Acreditavam os construtores que esta corda permitiria uma nova região para ser explorada principalmente em solos. Tal estrutura foi copiada de alguns modelos de contrabaixo acústicos criados por compositores como Berg, Falla, Stravinsky e Bartok para explorar determinados timbres. Ora, se já existia no gigante, porque não fazer no contrabaixo elétrico? Este foi o pensamento dos construtores da época.

Os pickups na arquitetura 2×3 e detalhe do headstock com o suporte para as três cordas.

Diferença de trastes

Se você observar bem as fotos constantes nesta matéria, irá notar que o novo modelo possuía um número reduzido de trastes, que na verdade era de apenas 15. Isto se devia ao comprimento da nova corda, ou seja, uma adaptação da corda E da guitarra elétrica, redimensionada para a nova afinação. Assim, a nova corda não tinha uma extensão suficiente para ser instalada no novo modelo de cinco cordas (um erro de logística completamente irracional para a época).

O braço era fabricado em Alder e o corpo em Rosewood. As cordas, a exemplo do primeiro P Bass, eram inseridas através da parte traseira do corpo. Sua última aparição em catálogo aconteceu em 1969, sendo retirado definitivamente em 1971. Os historiadores afirmam que este instrumento possuía sérios problemas de afinação. Além das vendas serem consideradas não satisfatórias, o Fender V nunca recebeu eventuais melhorias, por falta de interesse da empresa.

Jimmy Johnson e o primeiro Alembic de cinco cordas

Jimmy Johnson: criador do baixo de cinco cordas.

Neste ponto de nossa viagem do tempo, vamos para Mineapolis, onde vivia um jovem baixista chamado Jimmy Johnson.

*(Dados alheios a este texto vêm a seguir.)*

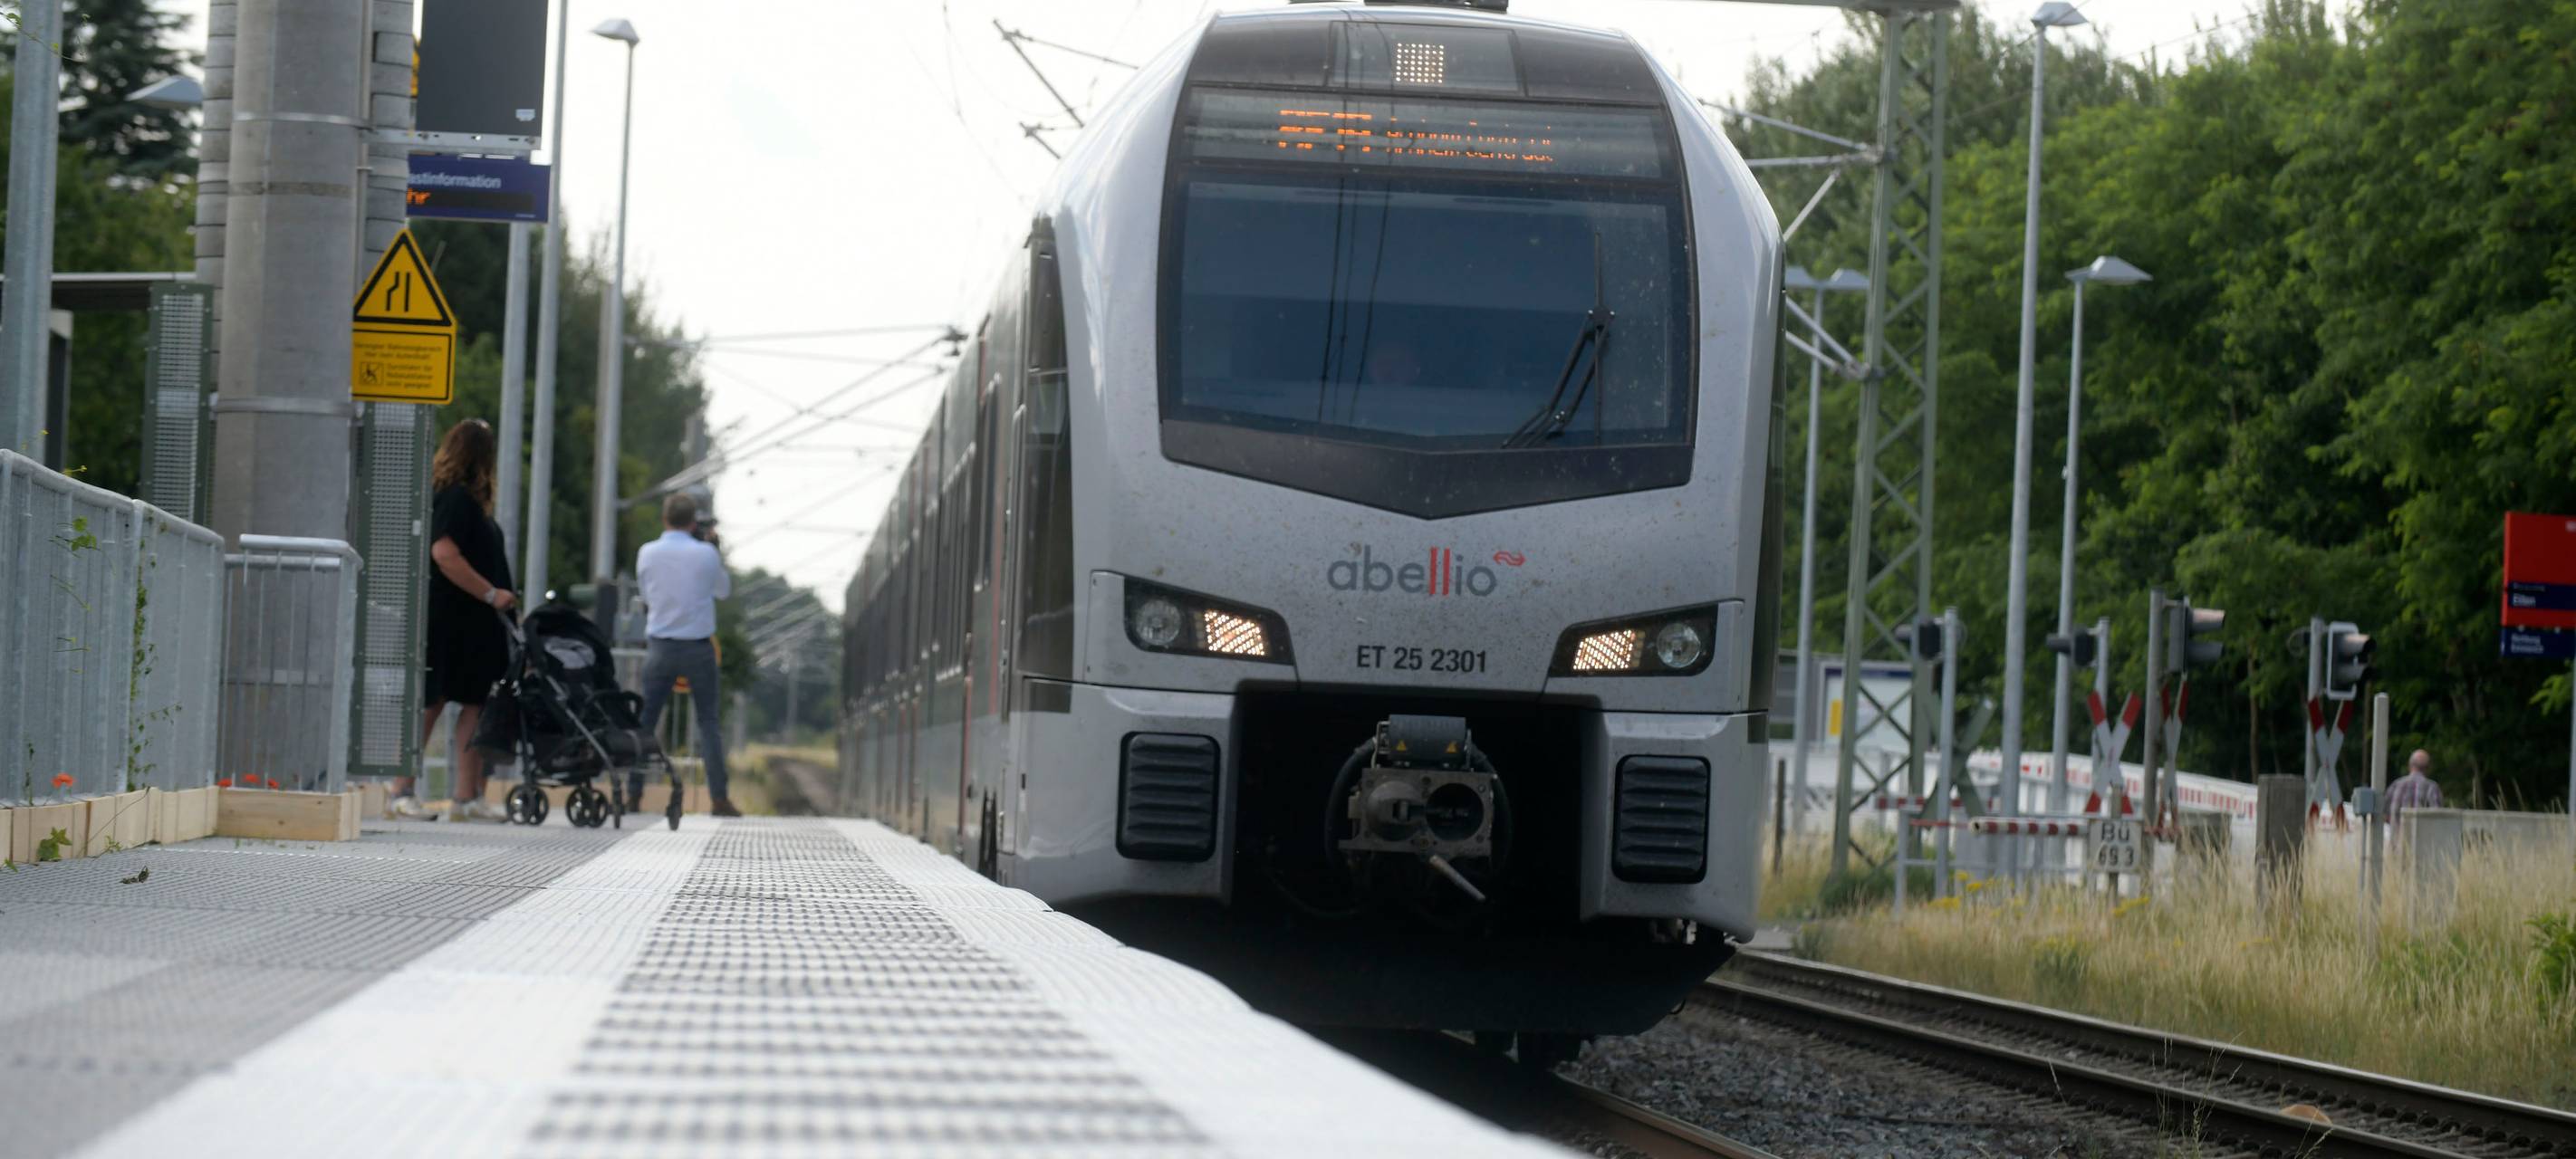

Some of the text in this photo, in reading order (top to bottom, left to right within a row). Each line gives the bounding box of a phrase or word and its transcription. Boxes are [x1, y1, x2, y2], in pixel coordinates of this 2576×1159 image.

[1327, 544, 1497, 598] abellio
[1357, 644, 1487, 673] ET 25 2301
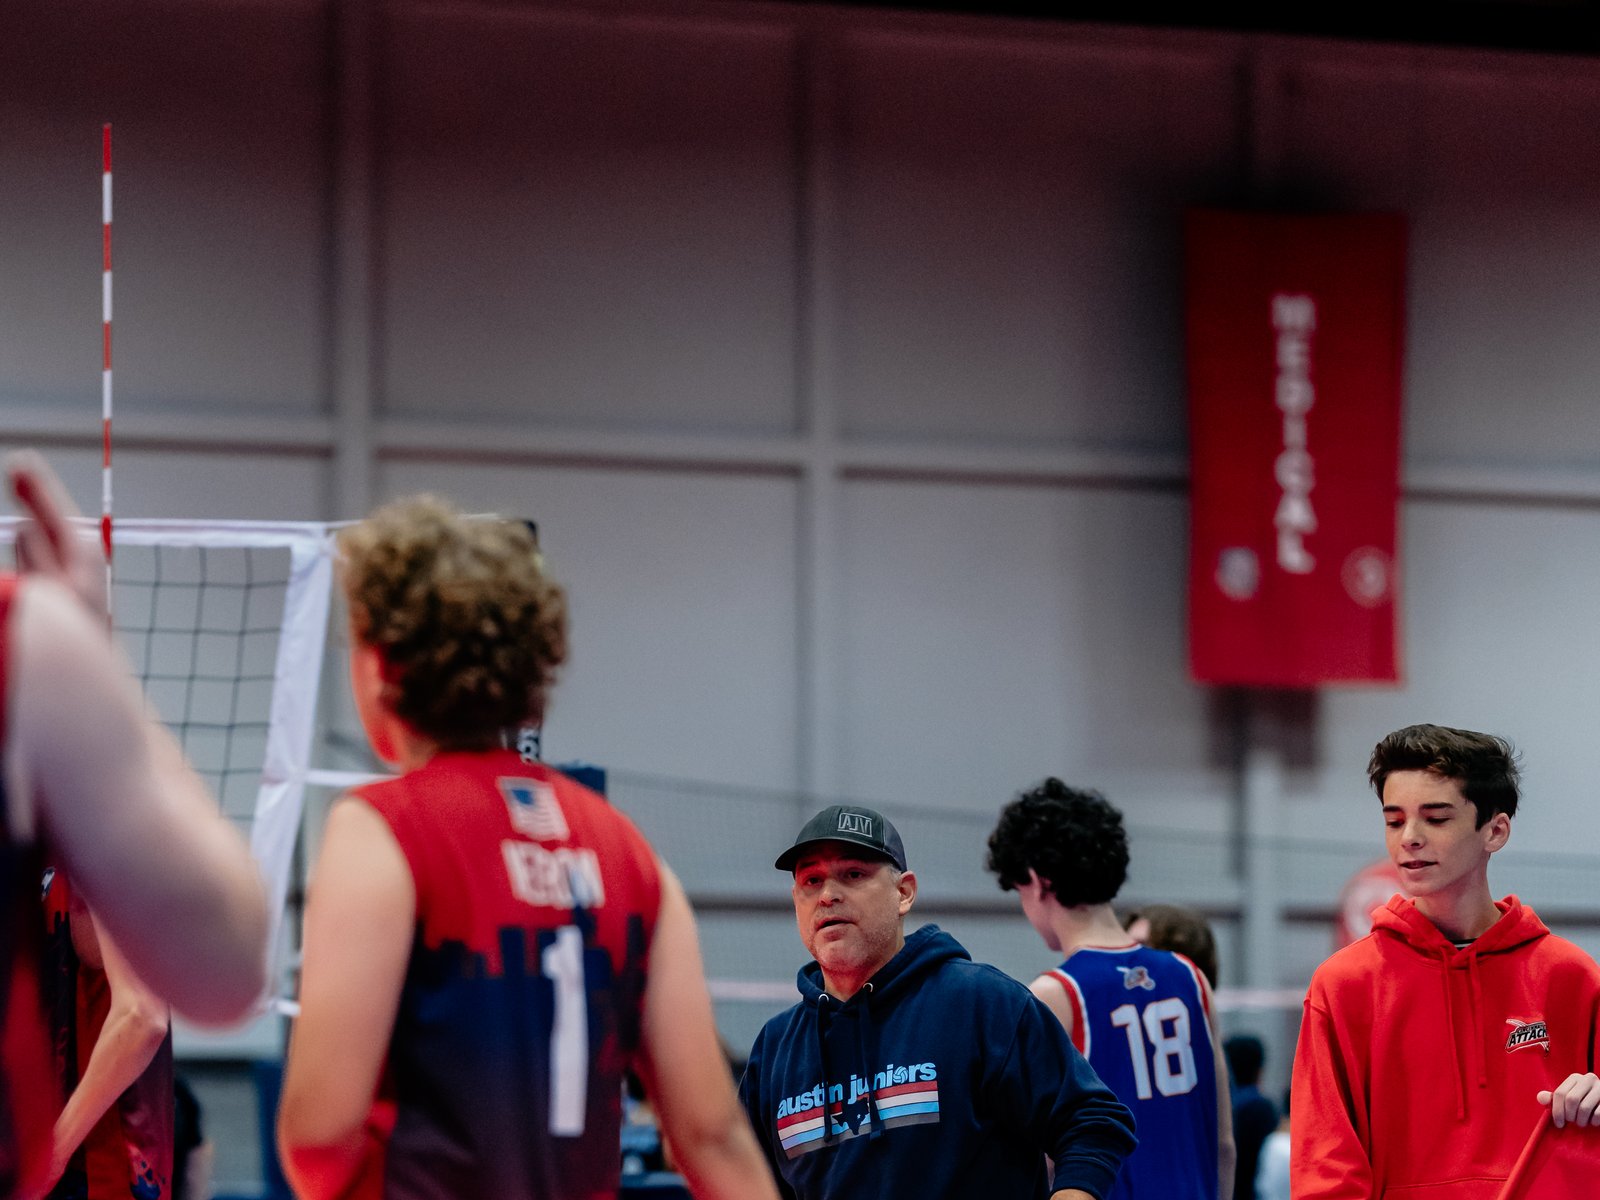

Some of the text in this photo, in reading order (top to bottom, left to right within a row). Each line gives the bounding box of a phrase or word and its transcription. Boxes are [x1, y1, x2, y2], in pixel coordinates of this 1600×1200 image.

[1271, 295, 1317, 574] MEDICAL
[541, 925, 588, 1137] 1
[777, 1082, 843, 1119] austin
[1111, 997, 1198, 1100] 18

Trabalhando como freelancer e músico de estúdio no começo dos anos 70, Jimmy usava um baixo Gibson Les Paul para realizar seus trabalhos. Em uma entrevista concedida para a Bass Player, Jimmy conta o que o levou a pesquisar novos instrumentos: “Eu não estava satisfeito com o timbre do Gibson. Foi quando conheci os famosos Alembic e fiquei impressionado com sua sonoridade. Naquela época, eu era muito conhecido por trabalhar ao lado de James Taylor. Acostumado com sua música, eu pensei que alguns timbres mais graves poderiam realçar ainda mais a beleza da composição”.

Uma das pessoas mais influentes da época foi o seu próprio pai, que era contrabaixista da orquestra da cidade. Ele possuía um modelo de quatro cordas, porém dotado de um mecanismo similar ao hipshop, que possibilitava que a corda pudesse ter sua altura alterada até um tom abaixo. “Meu pai disse que havia muitos instrumentos acústicos de cinco cordas – com uma corda adicional B para atender a determinados autores. Foi a partir daí que eu pedi para a empresa GHS fabricar uma corda com a afinação de B que pudesse se adaptar ao instrumento de cinco cordas”.

Ao mesmo tempo, Johnson solicitou um novo modelo a Alembic de cinco cordas, porém, ao invés de ser colocada a corda C, a empresa deveria fazer uma adaptação no capotraste e na ponte para receber uma nova corda com uma calibragem de 120. O resto todos já sabem. Durante a próxima excursão com James Taylor todos ficaram impressionados com os timbres profundos do baixo elétrico do lendário baixista.

Mais uma vez um pequeno fato idealizado por um jovem e obstinado baixista criou um novo rumo na história dos graves neste mundo.

Escrito por Nilton Wood, da redação TDM.